Voyons d’abord ce couple sacerdotal remplir sa mission de tutelle et d’autorité en surveillant et en régularisant le divorce. « Le couple sacerdotal, nous dit-on, lie ou délie l’homme et la femme ; c’est lui qui consacrera leur union ou leur divorce. » Jusqu’ici, rien à dire ; mais l’autorité du prêtre (homme et femme) n’est pas seulement morale, elle est encore « sensuelle, charnelle, » car il faut toujours faire une part égale à la chair comme à l’esprit. Le prêtre (entendons-le toujours des deux sexes) agira non-seulement par l’intelligence, mais encore « par la beauté. » Il ne suffit pas d’une direction spirituelle, il faut « une influence charnelle, » une éducation « par l’esprit et par les sens. » Tout cela est encore un peu vague, nuageux et voilé à dessein ; mais quel peut être le sens des paroles suivantes : « La foi spirituelle que le couple sacerdotal excitera ne l’entraînera pas au charlatanisme ; l’attrait charnel ne dégénérera pas en libertinage. Tantôt il calmera l’ardeur inconsidérée de l’intelligence ou modérera les appétits déréglés des sens ; tantôt au contraire, il réveillera l’intelligence apathique, ou réchauffera les sens engourdis, car il connaît tout le charme de la décence et de la pudeur, mais aussi toute la grâce de l’abandon et de la volupté… Il (toujours le couple sacerdotal) impose la puissance de son amour aux êtres qu’un esprit aventureux ou des sens brûlans égarent, et il reçoit d’eux l’hommage d’une pudique tendresse ou le culte d’un ardent amour. Je parle du couple ; ce que je dis pour le prêtre, je le dis aussi pour la prêtresse. Et maintenant, si l’on me demande quelle est la limite que je pose à l’influence que le prêtre et la prêtresse exerceront sur les fidèles, moi homme, moi seul, je n’en pose aucune ; la femme parlera[1]. »

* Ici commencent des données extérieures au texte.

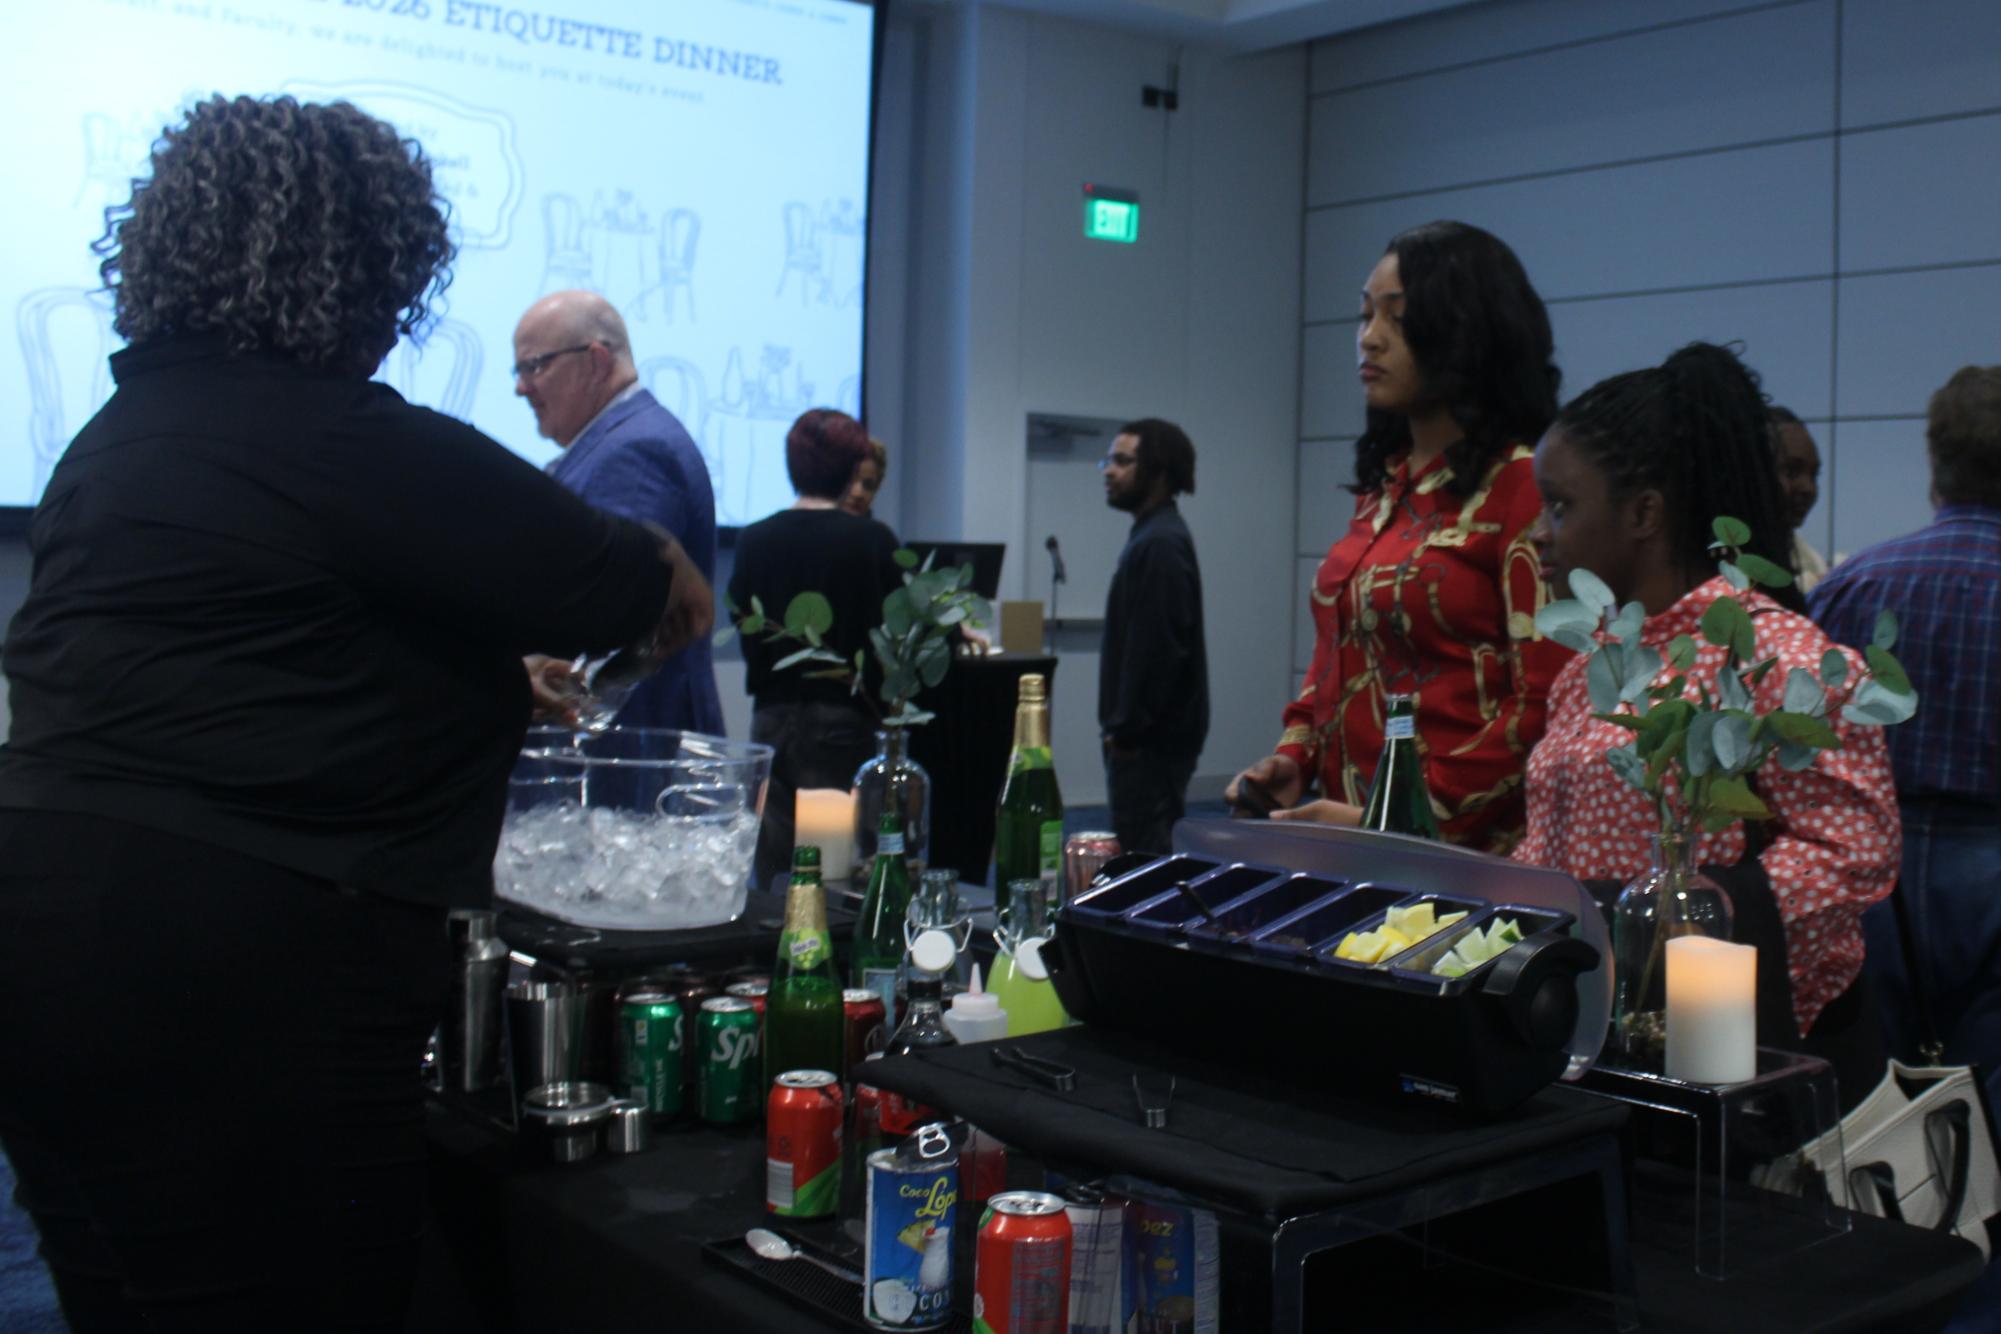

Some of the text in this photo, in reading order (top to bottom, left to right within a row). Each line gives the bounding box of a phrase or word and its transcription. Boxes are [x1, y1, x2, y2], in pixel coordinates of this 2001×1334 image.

[342, 0, 784, 86] 26 ETIQUETTE DINNER
[899, 1176, 957, 1221] Coco Lóp

En résumé, « les couples aux affections profondes restent unis, en général, pour la vie ; les couples aux affections vives changent,

  1. Citons encore ce passage de la lettre à Mme Enfantin : « On a reproché aux prêtres chrétiens l’envahissement du lit conjugal : on a eu tort et raison ; raison, parce que leur dogme et leur pratique les rendaient incompétens ; tort, parce que malgré leur célibat, leur conseil était encore plus favorable à la femme, au faible, que ne l’aurait été le conseil d’un guerrier… Et maintenant, mère, tu me demanderas jusqu’à quelle limite l’expression charnelle de cet amour du prêtre et de la prêtresse ira dans certains cas ? .. Je conçois certaines circonstances où je jugerais que ma femme seule serait capable de donner du bonheur, de la santé et de la vie à un de mes fils en Saint-Simon, de le réchauffer dans ses bras caressans… »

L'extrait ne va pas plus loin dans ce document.